De fato, o Filho do Homem é senhor do sábado” (v. 8). 

Nas antíteses do sermão da montanha, Jesus anunciou o amor como centro da vontade de Deus, sem anular a lei de Moisés (cf. 5,17-48). Com a soberania de “Eu, porém, vos digo”, declarou nenhuma anulação da lei de Moisés, mas subordinação sob a vontade de Deus que quer amor e misericórdia.

Com a mesma soberania, declara que o “Filho do Homem é senhor do sábado”. Jesus atribui-se mais uma vez o título de Dn 7,13-14 (cf. 8,20 e o comentário da 13ª semana, segunda-feira): O messias que vem das nuvens (cf. 26,63s), o “Filho do homem”, é maior do que Davi (cf. 22,41-45p).

Provavelmente, os judeu-cristãos da comunidade de Mt guardavam ainda o sábado (cf. 24,20).

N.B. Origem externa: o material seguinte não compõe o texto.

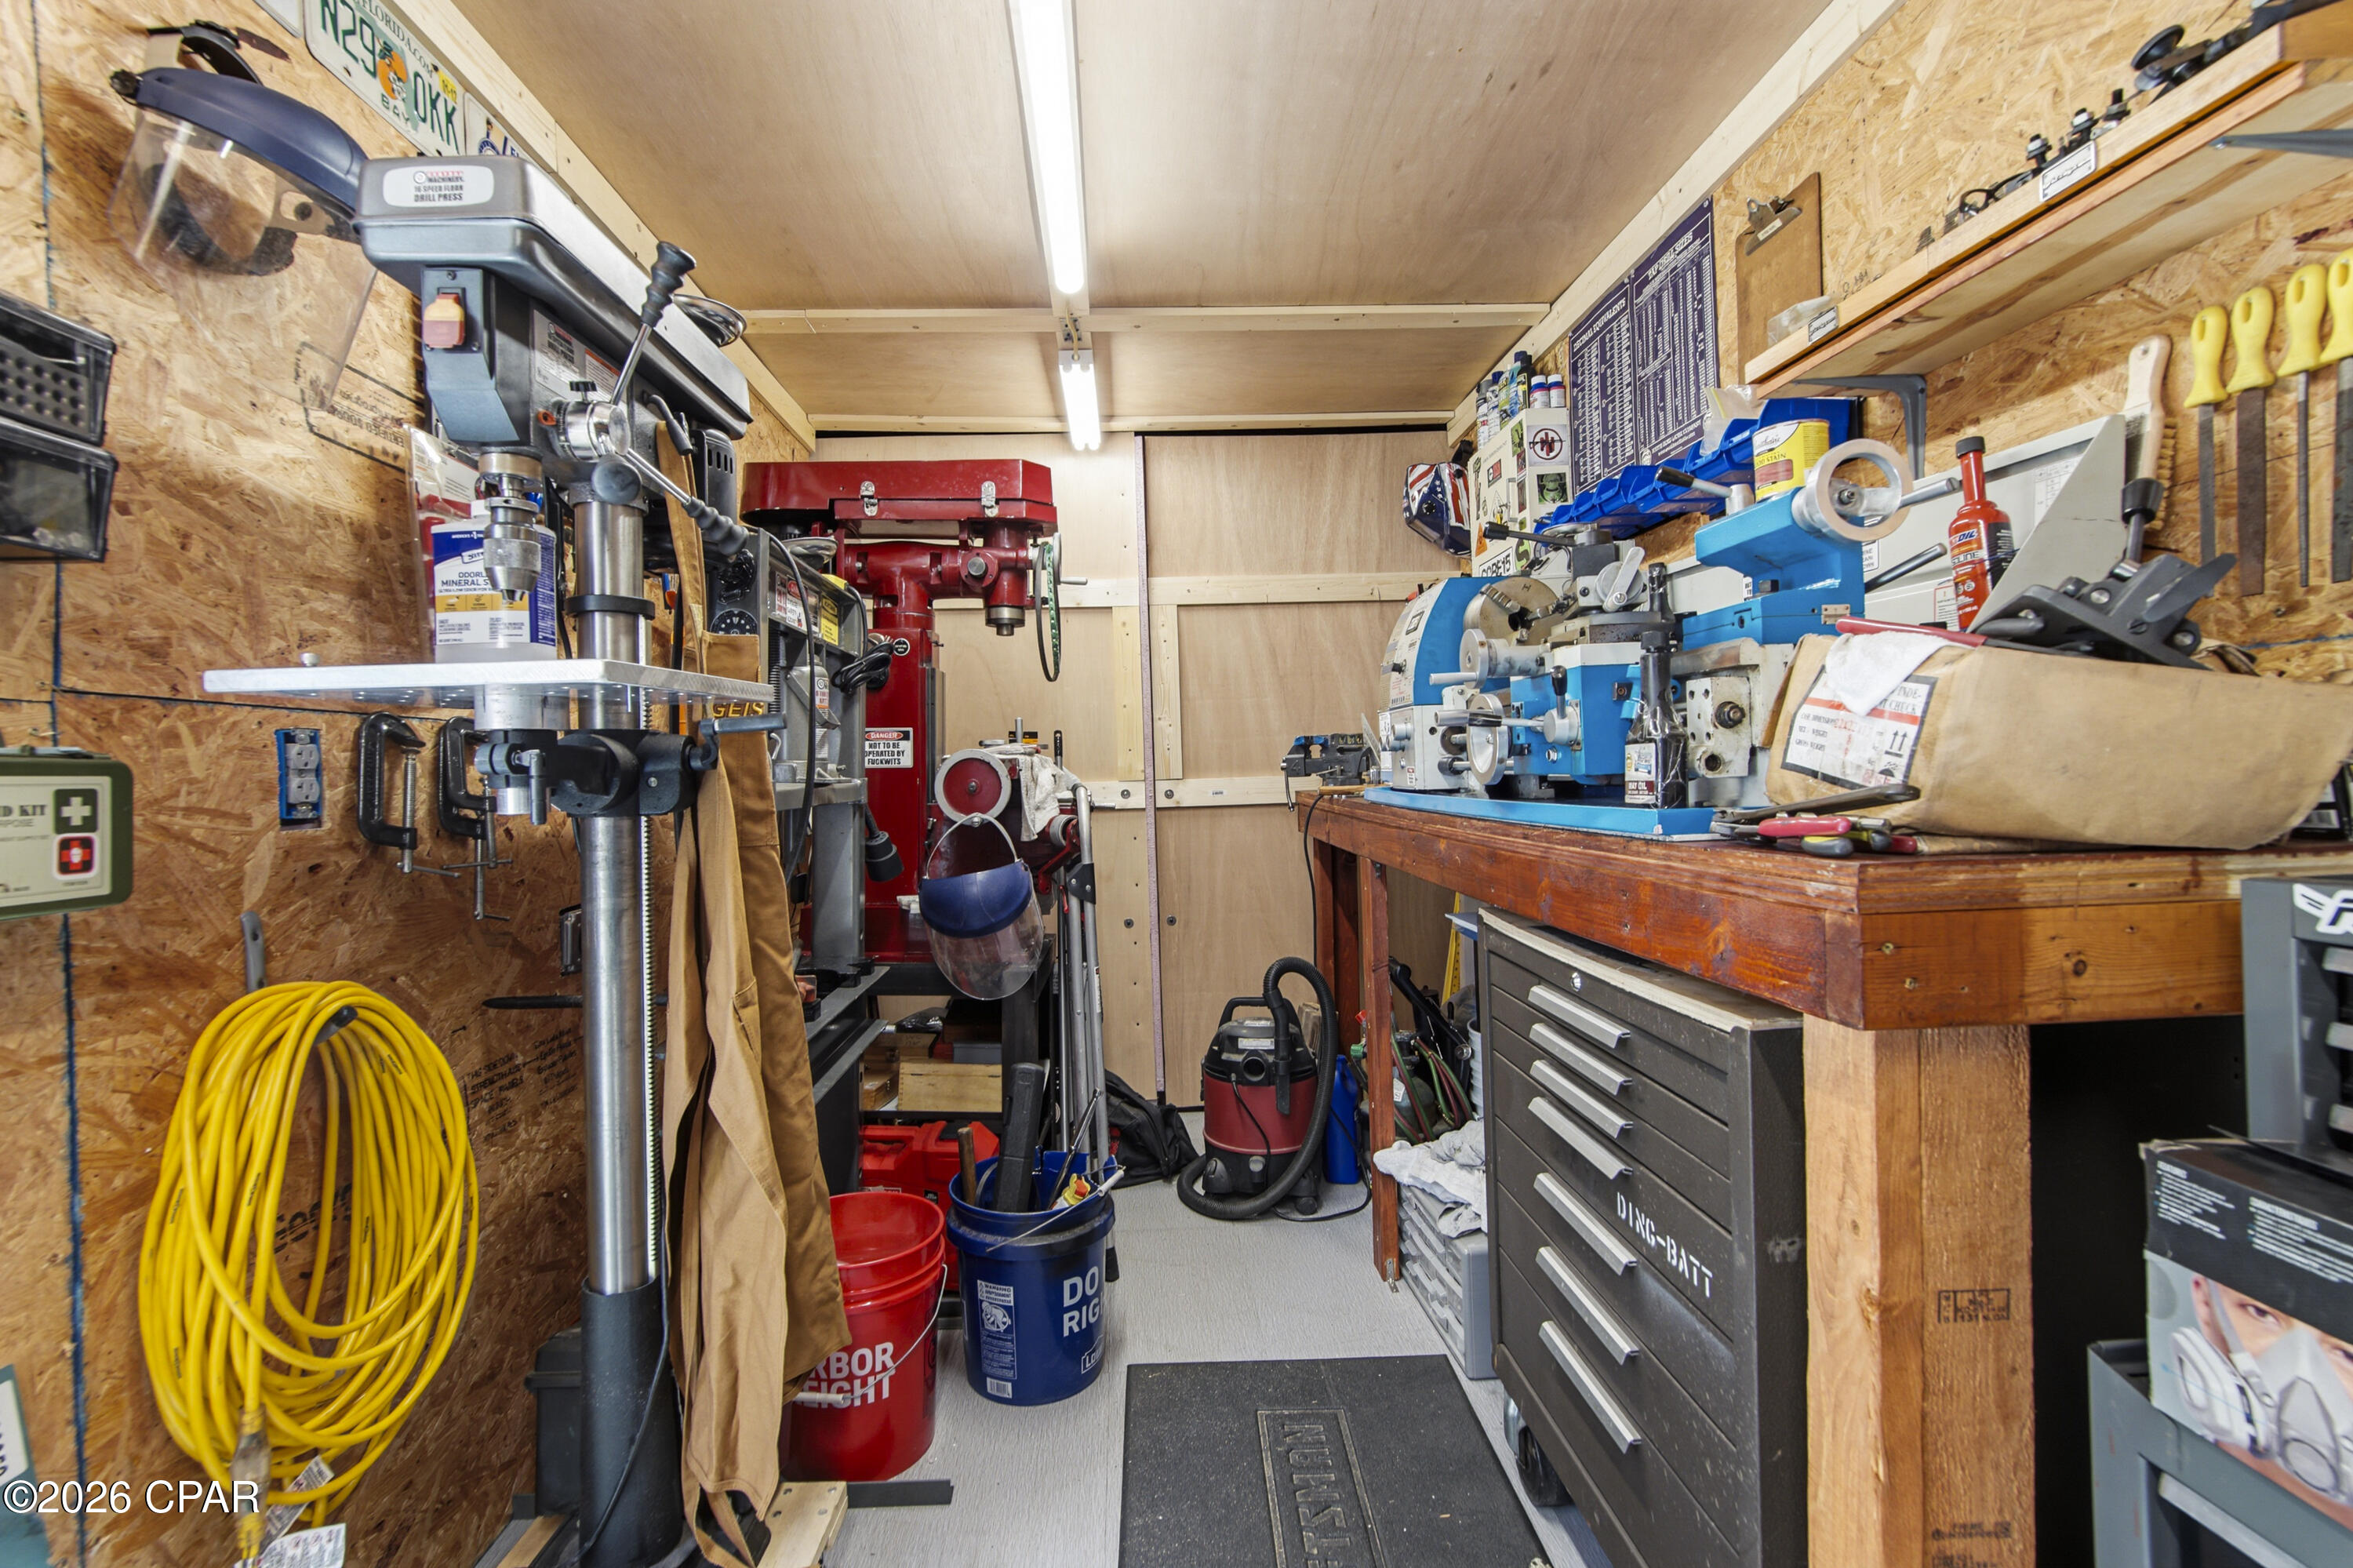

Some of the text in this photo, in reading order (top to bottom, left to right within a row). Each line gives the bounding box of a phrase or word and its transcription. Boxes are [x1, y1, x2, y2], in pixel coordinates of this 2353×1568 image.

Sabiam do grande presente que o dia livre do trabalho significa como antecipação do paraíso, mas sabiam que no decálogo de Dt 5,14s, o sábado é para os pobres, famintos e escravos (“lembra-te que foste escravo na terra do Egito…”). Portanto, os cristãos subordinaram a lei do sábado à pratica da misericórdia. Já os apóstolos começaram celebrar a ceia (Eucaristia) “no primeiro dia da semana” (cf. Lc 24,30; Jo 1,19.26; At 20,7); mudou o dia santo com a ressurreição de Jesus (nova criação, cf. 2Cor 5,17)

Na cultura greco-romana, o ócio era para a elite, ao escravo era negado o ócio (ficou apenas com o “neg-ócio”, o trabalho). No séc. IV, quando o Império Romano converteu-se ao cristianismo, o “domingo” (do latim dies domini, o dia do Senhor) tornou-se o feriado oficial. Assim, todos, senhores e escravos, têm o direito do ócio, pelo menos um dia da semana. Aos poucos, a escravidão foi abolida, deu lugar ao feudalismo. Hoje em dia, o domingo está em perigo de se esvaziar por pressões econômicas ameaçando o convívio das famílias trabalhadoras que não podem mais folgar juntas, mas a misericórdia vale mais do que apenas lucro e crescimento econômico. Insistir no valor do domingo é insistir o valor do ser humano contra um sistema que idolatra o dinheiro e o trabalho (cf. Mc 2,27, omitido por Mt e Lc).

O site da CNBB comenta: Existem pessoas que acham que é difícil seguir Jesus por causa da radicalidade das exigências evangélicas, no entanto, essas mesmas pessoas ficam criando uma série de dificuldades a partir de um legalismo ritual, moral e religioso que acabam por fazer do seguimento de Jesus uma causa de sofrimento e de dor e não uma causa de alegria e felicidade de quem descobre os valores que o conduz para a vida eterna. Muitos cristãos vivem colocando proibições e ficam contentes quando podem falar “não” a alguém. De fato, essas pessoas não entenderam o Evangelho de hoje, muito menos o amor que Deus tem para com seus filhos e filhas.